Entretien avec Bahar Kimyongür

Le Belgo-Turc Bahar Kimyongür, 39 ans, militant d’Attac-Bruxelles, poursuivi pour terrorisme en 2006 mais acquitté en 2009, a un regard tout particulier sur les Belges partis en Syrie pour soutenir la rébellion contre le régime de Bachar el-Assad. Il est en effet originaire d’Antioche, dans la province turque du Hatay, par où transitent les jeunes candidats à la résistance.

Que se passe-t-il dans votre région d’origine ?

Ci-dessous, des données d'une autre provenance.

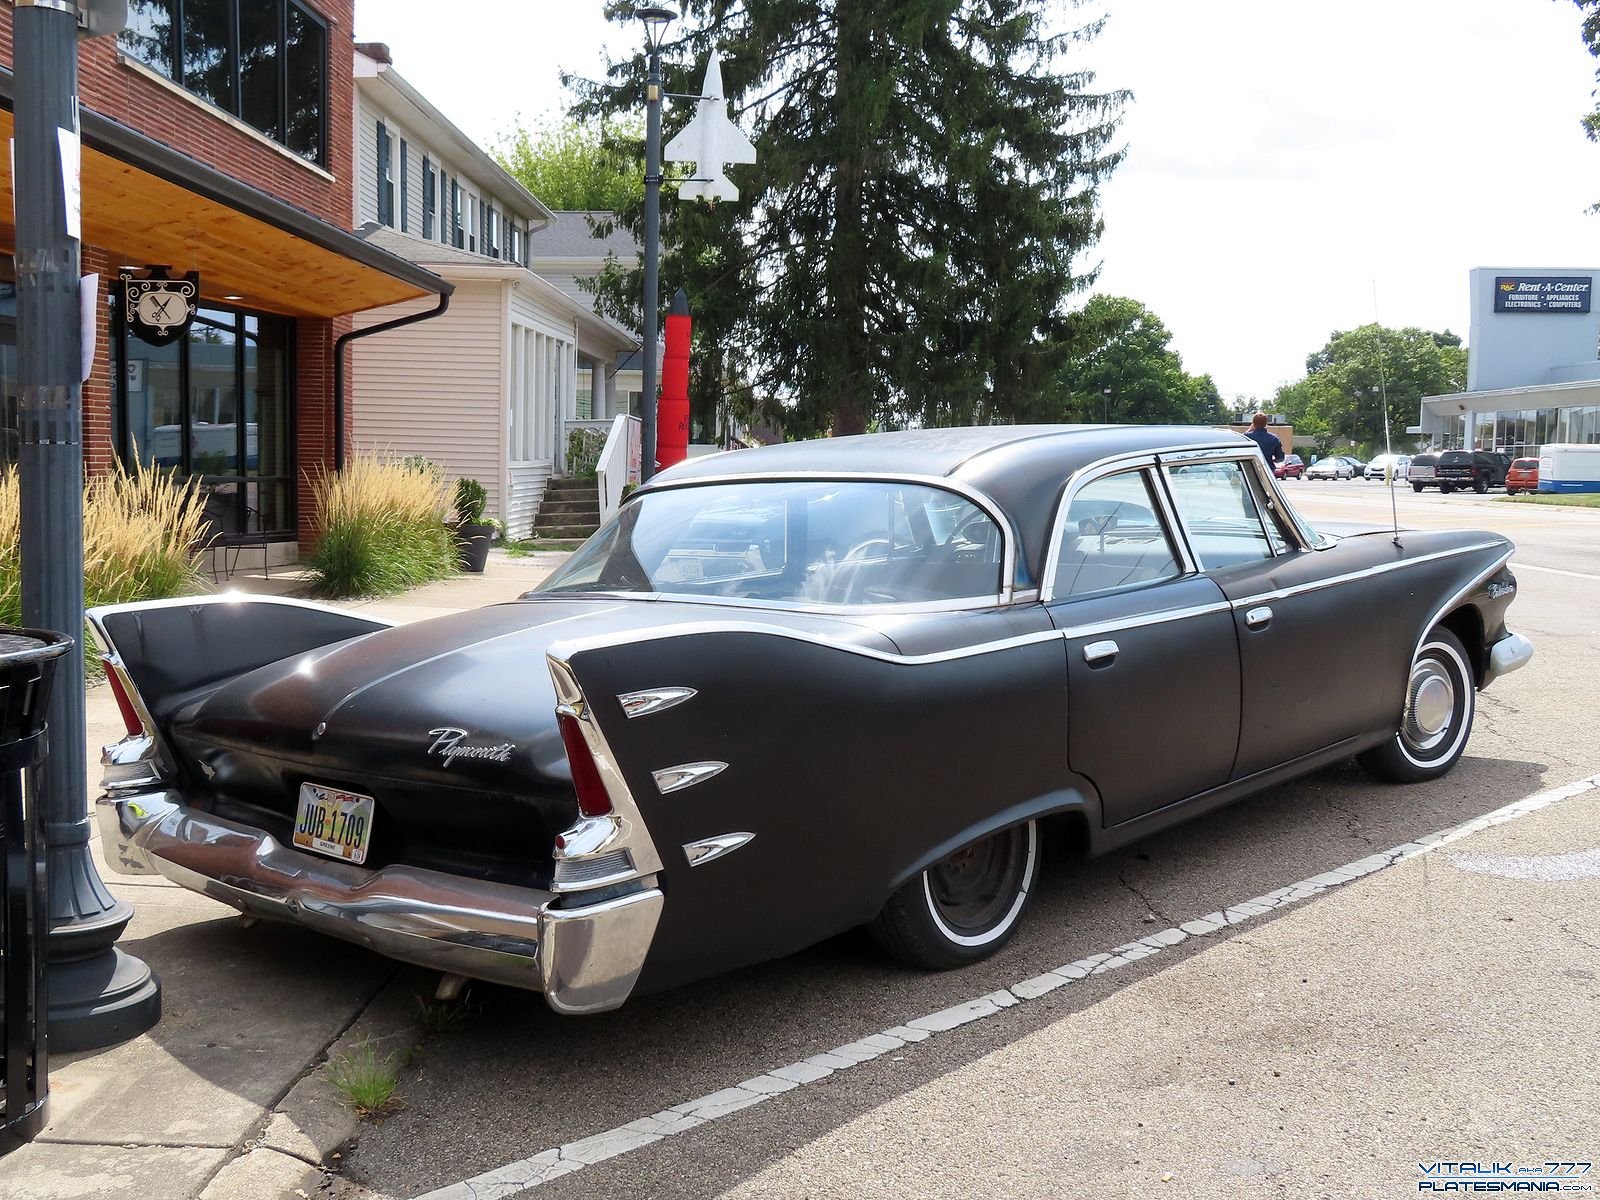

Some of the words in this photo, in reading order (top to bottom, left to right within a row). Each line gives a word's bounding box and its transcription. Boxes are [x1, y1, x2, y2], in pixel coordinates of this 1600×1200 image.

[427, 726, 516, 768] Plymouth
[300, 803, 326, 838] JUB
[328, 809, 365, 849] 1709
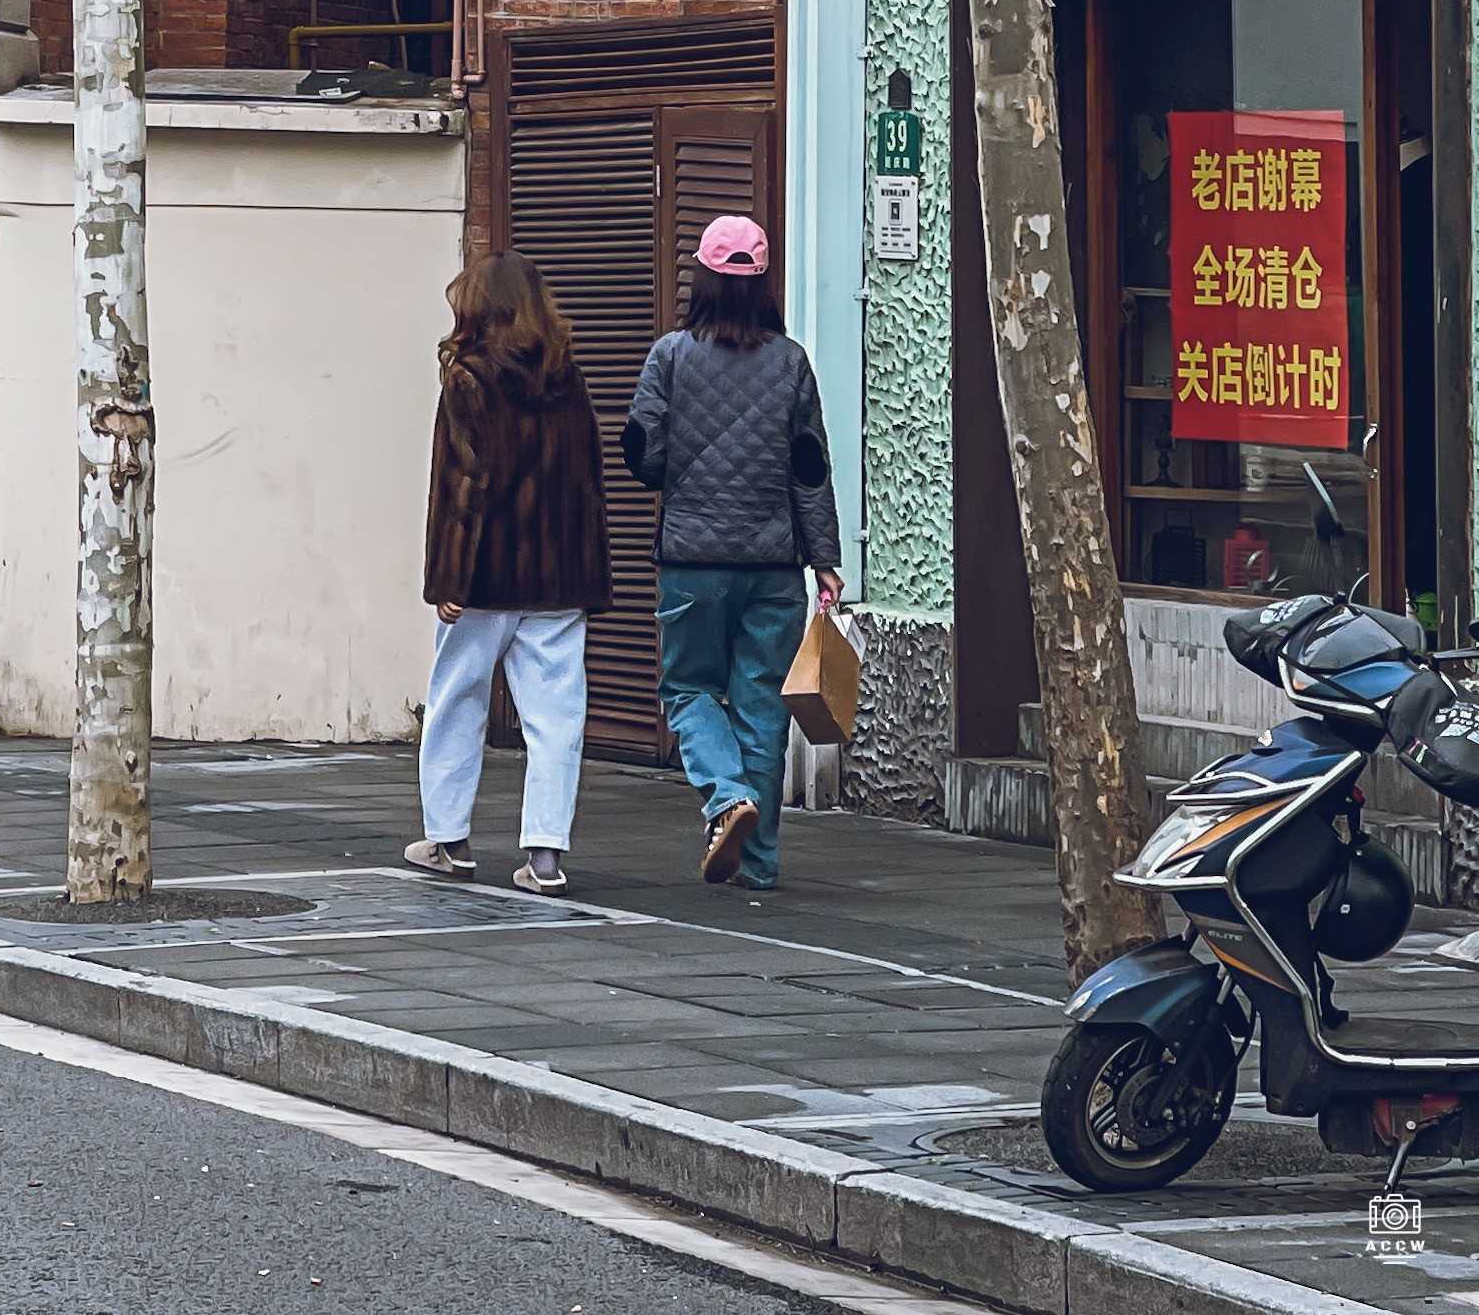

La situation est dramatique. On fait face à de véritables tour-opérateurs du terrorisme international. Pour 200 euros, en quelques heures, un jeune Bruxellois peut se retrouver, via Istanbul, à Antioche, où des recruteurs viendront le cueillir, en camionnette ou en 4X4 rutilant, afin de l’affecter aux brigades internationales de la rébellion : les étrangers de Sham, les Mouhajiroun, voire Al Nosra. Tous les camps de réfugiés syriens, le long de la frontière turco-syrienne, au sud d’Antioche, sont doublés de camps d’entraînement. Les ateliers de fabrication d’armes pullulent. La frontière est une passoire. C’est un vrai Far West. C’est Mad Max !

À entendre les rebelles aguerris, comme Abdel Rahman Ayachi, fils de l’imam franco-syrien Bassam Ayachi, ces volontaires sont des poids morts.

Je suis de près une maman dont les deux enfants sont partis se battre en Syrie. Comme beaucoup de jeunes volontaires, ils sont généralement affectés à des tâches de ravitaillement et de logistique, en arrière-garde. Pour monter au front, les brigades préfèrent les Libyens, les Yéménites ou les Tunisiens. Ce qui est inquiétant, c’est que ces jeunes sont exposés à des heures de formation théologique. Un véritable endoctrinement.

Qui sont ces jeunes ?

Parfois de simples frimeurs qui rêvent de se faire photographier le lance-roquettes à l’épaule ; des idéalistes qui croient sincèrement œuvrer à la « libération » de la Syrie ; des fous furieux, anciens délinquants, qui sont pressés d’en découdre ; et puis des idéologues, de vrais djihadistes.

Il y a donc bien un fond religieux.

Certains instrumentalisent la religion pour attiser la haine. Il faut que les parents des enfants qui partent en Syrie sachent que leurs mômes sont embrigadés par des réseaux qui ne sont pas émancipateurs, qui pratiquent la surenchère antichiite, anti-alaouite. La Syrie vit sous la coupe d’une dictature militaire, mais j’ai bien peur qu’on remplace un mal par un pire : le djihadisme inféodé aux pays du Golfe.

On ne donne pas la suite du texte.